Stefan's Blog

Sage vs SymPy - integration

During the recent GSoC summit I had the chance to participate in many fascinating discussions. One such occasion was while meeting the Sage representative.

A detail he mentioned, was that during his tests SymPy frequently failed to solve integrals that Sage (using Maxima) was able to solve. An explanation, in which I like to believe, would be that he was testing an old version of SymPy lacking the new integration routines implemented during the last few GSoC projects. Hence my decision the compare the most recent versions of both projects.

The tested versions are SymPy 0.7.2 and Sage 5.3.

Depending on screen size and wordpress theme the table might be badly formatted so here is a link to the wiki html page and a pdf version.

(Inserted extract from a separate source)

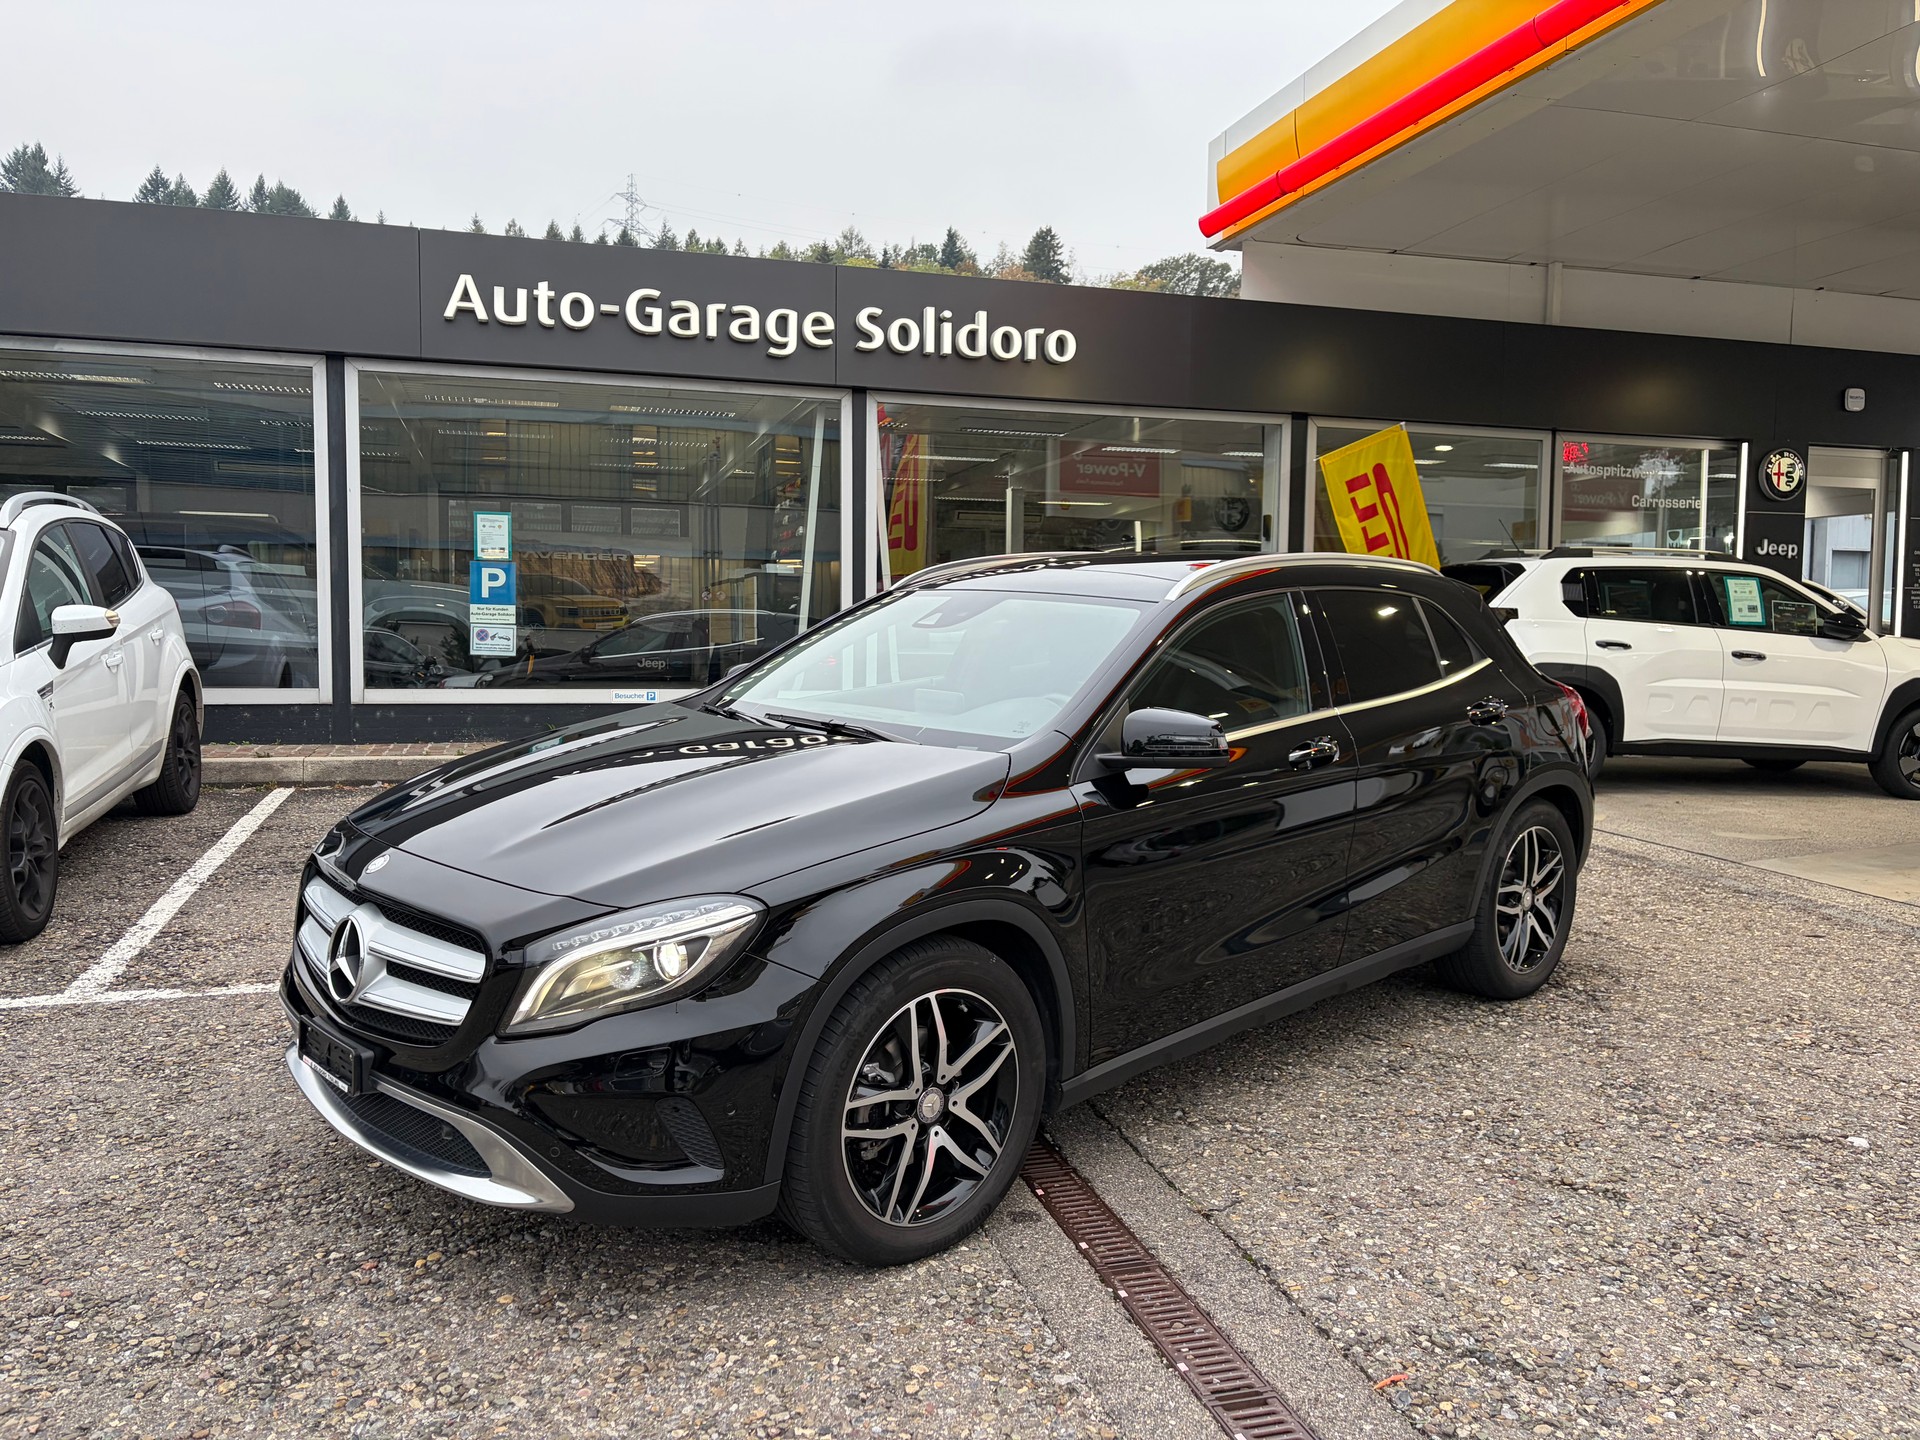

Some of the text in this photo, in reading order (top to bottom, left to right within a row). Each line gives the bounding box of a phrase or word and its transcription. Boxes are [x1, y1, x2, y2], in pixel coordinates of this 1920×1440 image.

It should be noted that Sage is more rigorous about the assumptions on its symbols and so it fails to integrate something like $ x^n$ if $ n$ is not explicitly different than -1. I personally think that this is a feature and not a bug. Due to this difference however the script used to test Sage differs from the one used for SymPy.

Another minor methodological difference in the tests is the fact that the timeout pattern that I used failed to work for the Sage interpreter. Hence, SymPy integration timeouts at about 120 seconds while Sage integration is manually interrupted when it takes too much time.

Final methodological difference is that I purge the SymPy cache between each integral as otherwise the RAM usage becomes too great.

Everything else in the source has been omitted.